ECG Founder and Chairman, Peter Giuliano, addresses the need for empowerment within an organization and the means by which it can be accomplished.

In more than 30 years as a communication consultant, trainer, and advisor, I've examined and participated in a number of initiatives: re-engineering, total quality, diversity, organizational alignment, empowerment. Of all of them, the two that have yielded consistently positive results are quality and diversity. Many of our clients have established entire units focused on quality, resulting in gains in product and service excellence. And the push toward diversity has enriched both workplace and community, incorporating the talents and perspectives of individuals across the spectrum of variety and difference.

But the "empowerment" initiative has begun to pop up again. The original intent when the idea first arose in the 1980's was to enable people to operate within a wide margin of independence, to enact ideas for improving products and processes, to own their responsibilities and actions in a way previously not highly valued.

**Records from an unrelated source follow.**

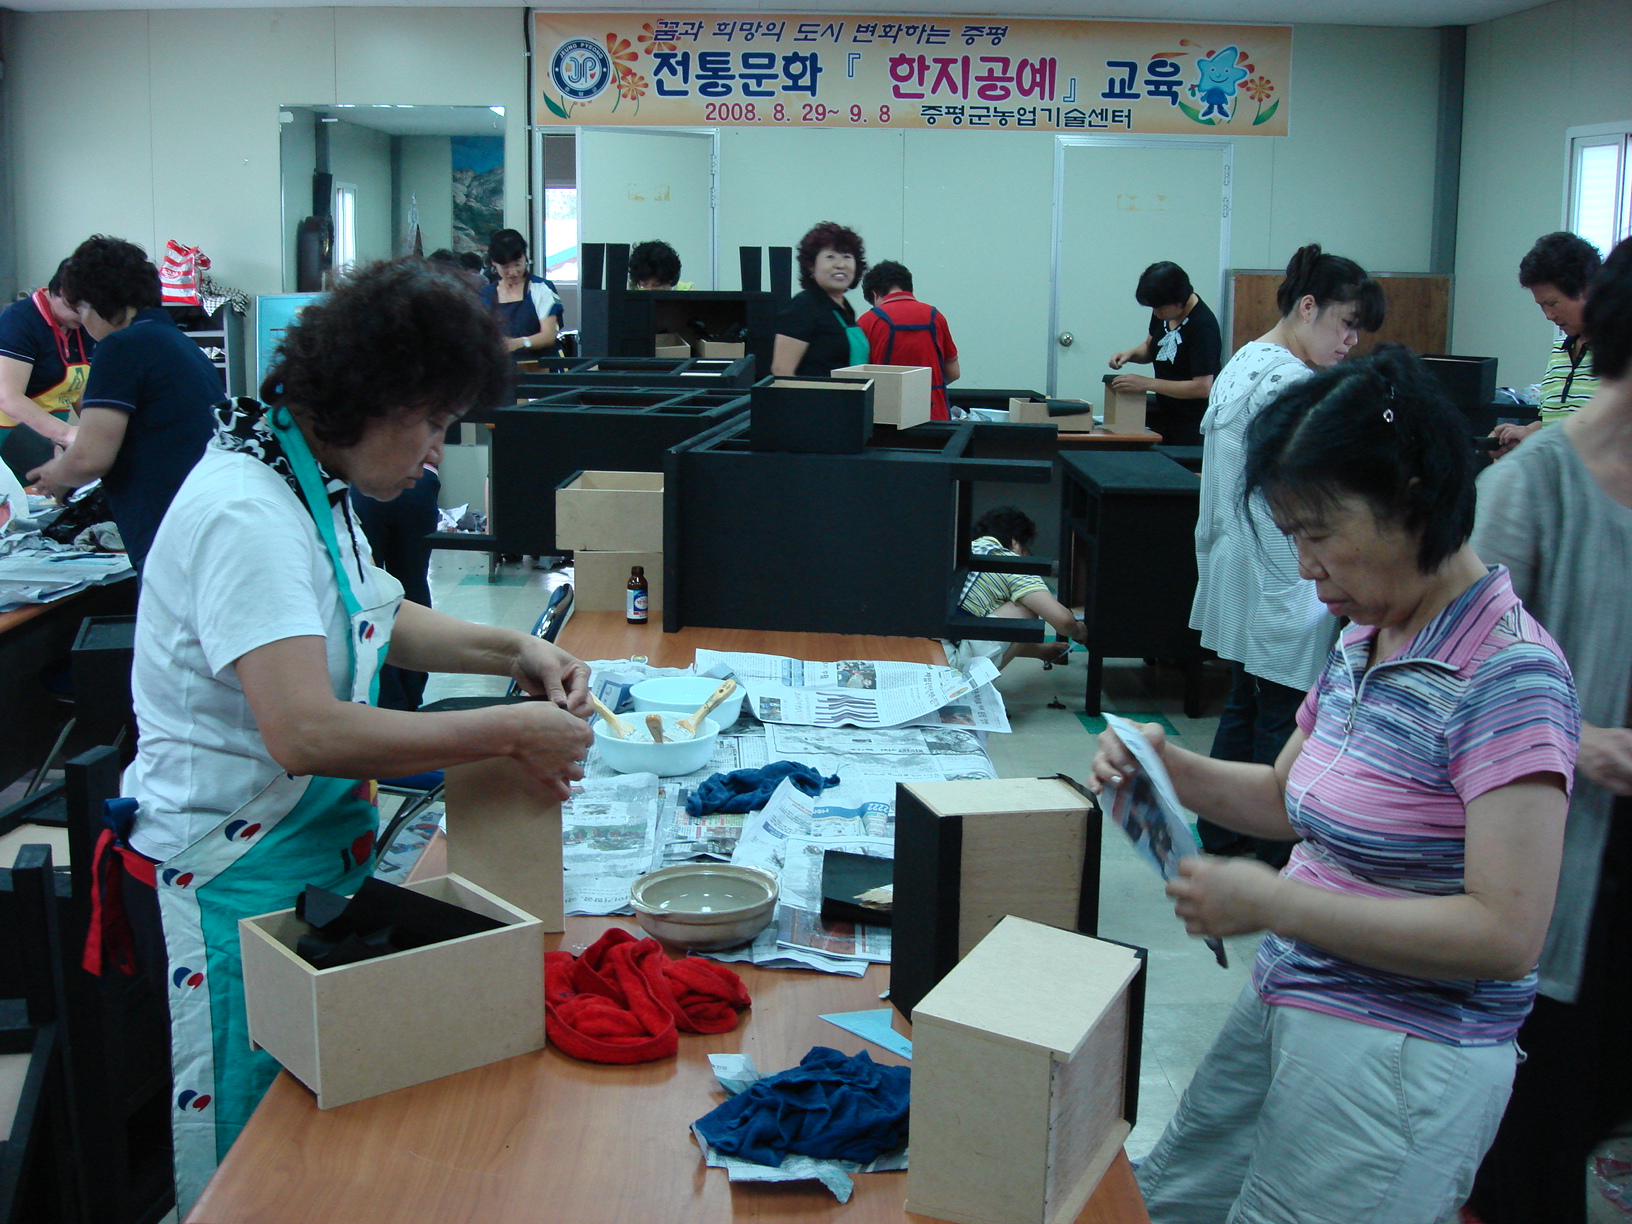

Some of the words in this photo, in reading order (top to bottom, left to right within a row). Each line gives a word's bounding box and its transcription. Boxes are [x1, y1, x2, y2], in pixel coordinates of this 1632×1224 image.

[653, 20, 704, 43] 꿈과
[712, 20, 787, 43] 희망의
[793, 22, 844, 43] 도시
[851, 22, 951, 46] 변화하는
[960, 25, 1009, 46] 증평
[652, 51, 824, 98] 전통문화
[1100, 59, 1185, 105] 교육
[704, 103, 763, 122] 2008.
[773, 103, 791, 122] 8.
[849, 104, 868, 123] 9.
[878, 104, 891, 123] 8
[920, 105, 1132, 129] 증평군농업기술센터
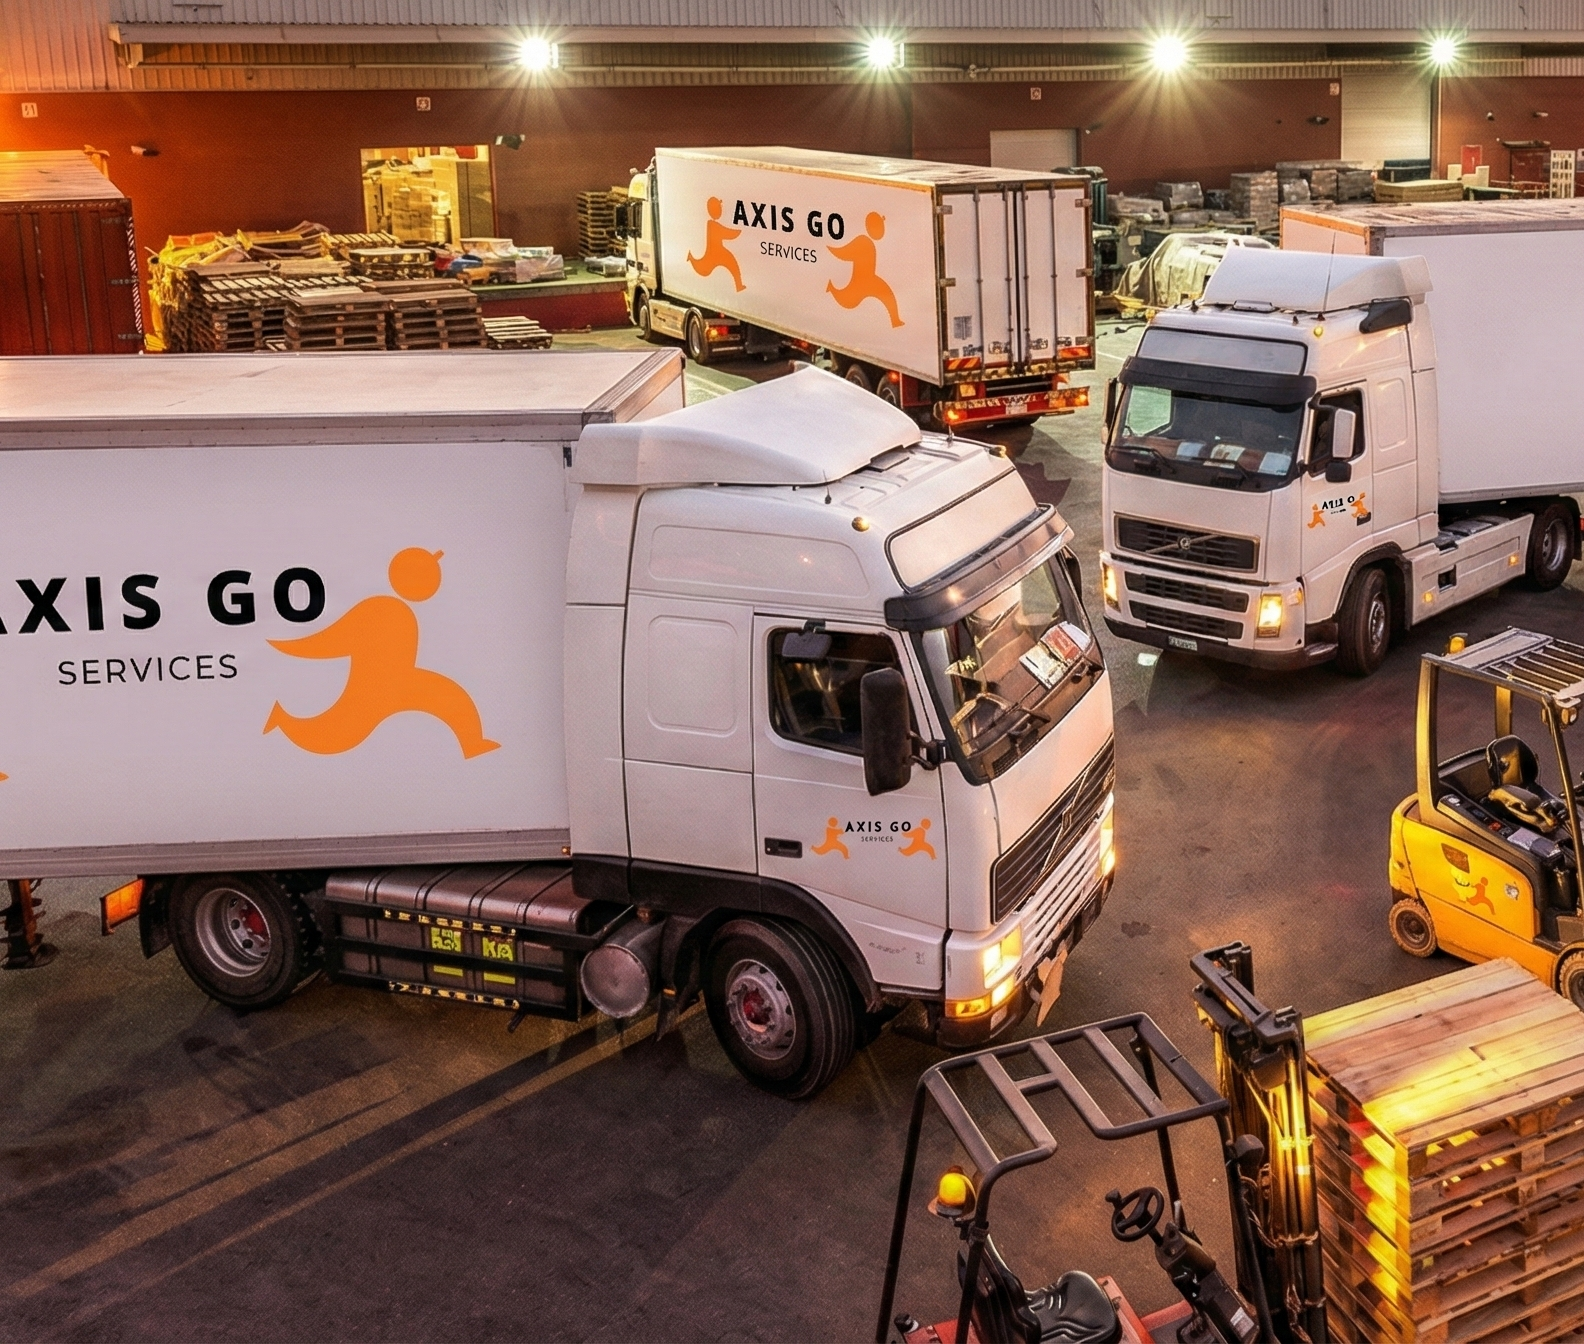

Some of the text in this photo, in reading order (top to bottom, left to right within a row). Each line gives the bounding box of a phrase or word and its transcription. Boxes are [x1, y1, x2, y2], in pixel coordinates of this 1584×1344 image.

[732, 199, 845, 241] AXIS GO
[760, 241, 818, 264] SERVICES
[0, 567, 326, 635] XIS GO
[58, 654, 238, 686] SERVICES
[845, 820, 912, 833] AXIS GO

FREEDOM TO ACT CAN YIELD REWARDS

As customers or clients, many of us have experienced the relief of hearing the person on the other end of the phone or email respond to our concerns with a gracious, "Let me fix that." That person can make decisions on his or her own, often in real time. No waiting for a slow crawl through the bureaucratic maze in order to reach resolution.

As members of an organization, we have sometimes experienced the exhilaration of generating initiatives or concepts, refining them, planning their processes, and measuring their outcomes.

We have raised issues, proposed solutions, taken a different view that suggests unexpected or novel responses or actions.

That's empowerment.

WHAT SOUNDS SIMPLE MAY NOT BE

But in some cases, empowerment hasn't worked so neatly. Why is that?

Organizations cannot simply say "Be empowered" and then sit back expecting independent action to succeed. Nor can they simply hire an empowerment wizard to wave the wand of empowerment and then set up meetings to discuss how to make it work. They'd be better off hiring an architect to help design an environment in which people can self-empower.

There's an enormous difference between telling people that they are empowered and providing a structure through which they develop the ability to empower themselves. Creating such an environment, in my view, is a key responsibility of the person in charge of an organization, a division, or a team.

From my perspective as an owner of a company, I really cannot empower anyone. But through policy, opportunity, and encouragement, I can set the stage for its practice.

FREEDOM TO ACT DOESN'T MEAN FREE REIN

The composer Igor Stravinsky spoke my mind when he said, "I am never so free as when I am confined." Applied to business and industry, his perception means that when boundaries and limitations are set, when goals and consequences are clear, each of us is released to achieve through self-empowerment. We can act on our own authority within a landscape of composition, depth, and varying detail.

So as the buzz of empowerment again hovers, turn your attention to the primary condition that makes it work: constructing appropriate boundaries of action and decision. They are sometimes best set with the participation of stakeholders and may be redrawn through time, but they must be in place if empowerment and its organizational benefits are to thrive.

Done well, empowerment inspires reciprocal trust among employees, team members, colleagues, customers, and clients. When trust becomes action, you have succeeded in creating an environment where no one has been so free as when confined.